-- Opening Marker --

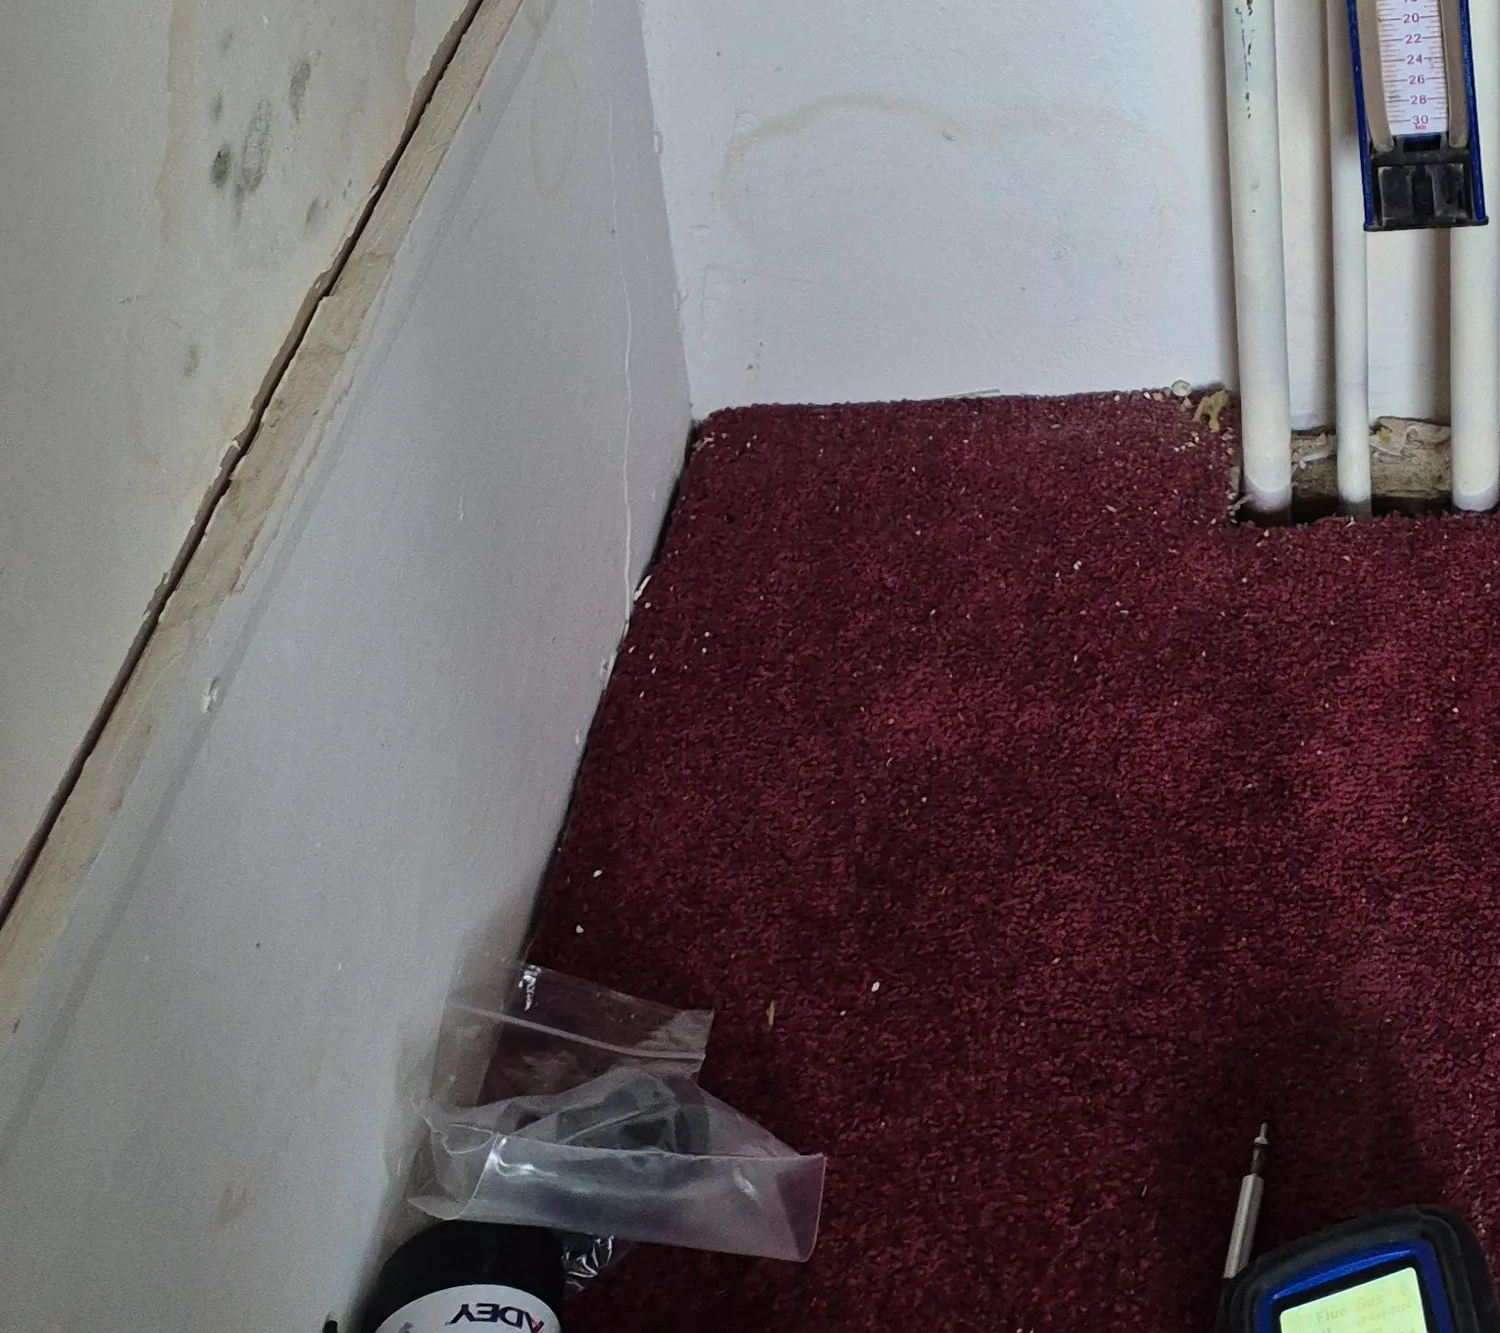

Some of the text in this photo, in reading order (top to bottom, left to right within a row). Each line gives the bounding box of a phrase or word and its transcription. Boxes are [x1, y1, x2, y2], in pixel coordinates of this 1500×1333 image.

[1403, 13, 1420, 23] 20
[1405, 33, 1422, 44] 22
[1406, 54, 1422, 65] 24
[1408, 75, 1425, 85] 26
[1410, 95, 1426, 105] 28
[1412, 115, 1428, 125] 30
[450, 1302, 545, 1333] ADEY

-- Closing Marker --

### Task brief:
Type out the entries again without a single change, and leave the pictures out.

### Problem solution:
Some of the text in this photo, in reading order (top to bottom, left to right within a row). Each line gives the bounding box of a phrase or word and its transcription. Boxes are [x1, y1, x2, y2], in pixel coordinates of this 1500×1333 image.

[1403, 13, 1420, 23] 20
[1405, 33, 1422, 44] 22
[1406, 54, 1422, 65] 24
[1408, 75, 1425, 85] 26
[1410, 95, 1426, 105] 28
[1412, 115, 1428, 125] 30
[450, 1302, 545, 1333] ADEY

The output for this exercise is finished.